EXTRACTED DATA Start Marker

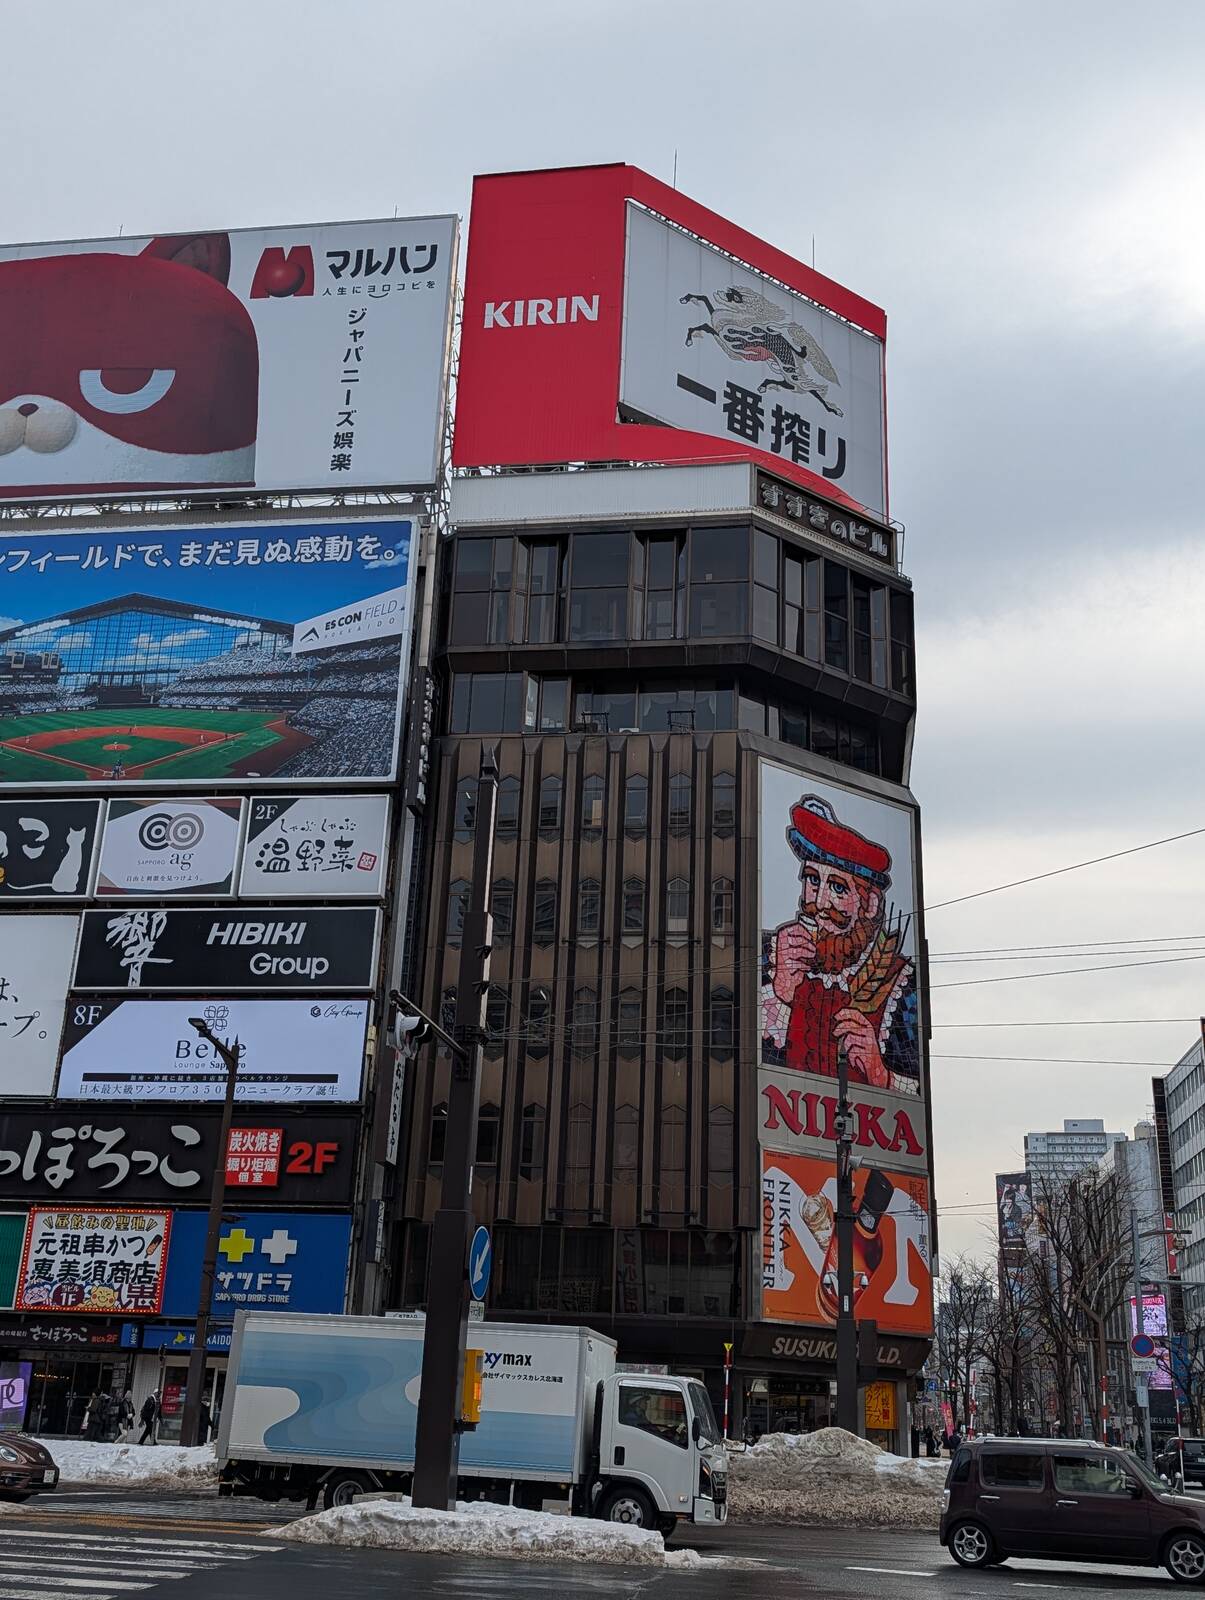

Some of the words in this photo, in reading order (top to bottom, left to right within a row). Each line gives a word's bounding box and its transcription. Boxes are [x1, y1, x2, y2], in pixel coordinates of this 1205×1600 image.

[326, 244, 438, 279] マルハン
[322, 281, 436, 297] 人生にヨロコビを
[483, 295, 600, 328] KIRIN
[330, 307, 368, 472] ジャパニーズ娯楽
[676, 372, 847, 480] 一番搾り
[760, 482, 888, 557] すすきのビル
[0, 534, 398, 573] フィールドで、まだ見ぬ感動を。
[364, 600, 398, 620] FIELD
[255, 804, 278, 820] 2F
[169, 852, 194, 871] ag
[255, 836, 355, 873] 温野菜
[206, 922, 307, 945] HIBIKI
[250, 952, 329, 979] Group
[73, 1004, 102, 1026] 8F
[229, 1131, 281, 1152] 炭火焼き
[286, 1142, 339, 1174] 2F
[238, 1172, 264, 1183] 個室
[54, 1214, 146, 1231] 昼飲みの聖地
[779, 1181, 791, 1252] NIKKA
[34, 1232, 146, 1257] 元祖串かつ
[763, 1179, 775, 1289] FRONTIER
[29, 1258, 157, 1284] 恵美須商店
[216, 1271, 293, 1292] サツドラ
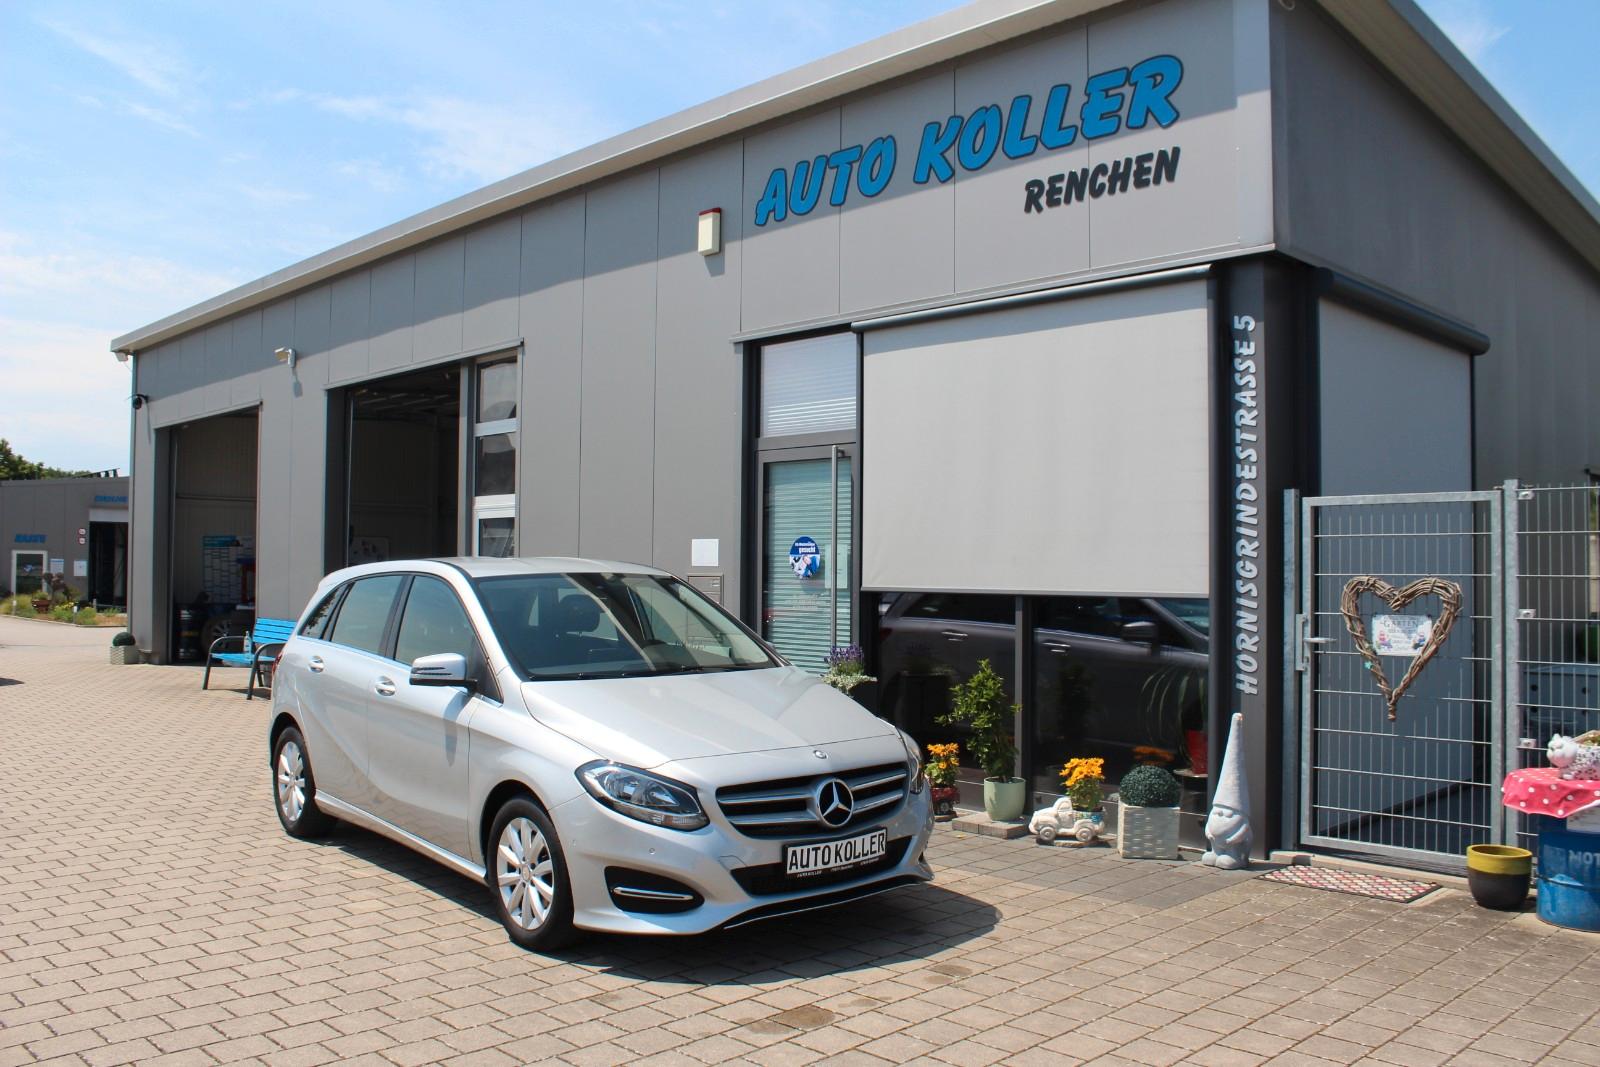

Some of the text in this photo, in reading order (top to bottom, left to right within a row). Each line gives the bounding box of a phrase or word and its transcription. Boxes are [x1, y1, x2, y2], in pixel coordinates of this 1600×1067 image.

[754, 54, 1184, 226] AUTO KOLLER
[1024, 146, 1181, 214] RENCHEN
[1234, 314, 1259, 695] HORNISGRINDESTRASSE 5
[789, 832, 886, 871] AUTO KOLLER

EXTRACTED DATA End Marker

[EXERCISE OBJECTIVE] Write out again every line above exactly as given; the pictures do not belong in the copy.

[SOLUTION BELOW]
Some of the words in this photo, in reading order (top to bottom, left to right within a row). Each line gives a word's bounding box and its transcription. Boxes are [x1, y1, x2, y2], in pixel coordinates of this 1205×1600 image.

[326, 244, 438, 279] マルハン
[322, 281, 436, 297] 人生にヨロコビを
[483, 295, 600, 328] KIRIN
[330, 307, 368, 472] ジャパニーズ娯楽
[676, 372, 847, 480] 一番搾り
[760, 482, 888, 557] すすきのビル
[0, 534, 398, 573] フィールドで、まだ見ぬ感動を。
[364, 600, 398, 620] FIELD
[255, 804, 278, 820] 2F
[169, 852, 194, 871] ag
[255, 836, 355, 873] 温野菜
[206, 922, 307, 945] HIBIKI
[250, 952, 329, 979] Group
[73, 1004, 102, 1026] 8F
[229, 1131, 281, 1152] 炭火焼き
[286, 1142, 339, 1174] 2F
[238, 1172, 264, 1183] 個室
[54, 1214, 146, 1231] 昼飲みの聖地
[779, 1181, 791, 1252] NIKKA
[34, 1232, 146, 1257] 元祖串かつ
[763, 1179, 775, 1289] FRONTIER
[29, 1258, 157, 1284] 恵美須商店
[216, 1271, 293, 1292] サツドラ

Some of the text in this photo, in reading order (top to bottom, left to right within a row). Each line gives the bounding box of a phrase or word and its transcription. Boxes are [x1, y1, x2, y2], in pixel coordinates of this 1600×1067 image.

[754, 54, 1184, 226] AUTO KOLLER
[1024, 146, 1181, 214] RENCHEN
[1234, 314, 1259, 695] HORNISGRINDESTRASSE 5
[789, 832, 886, 871] AUTO KOLLER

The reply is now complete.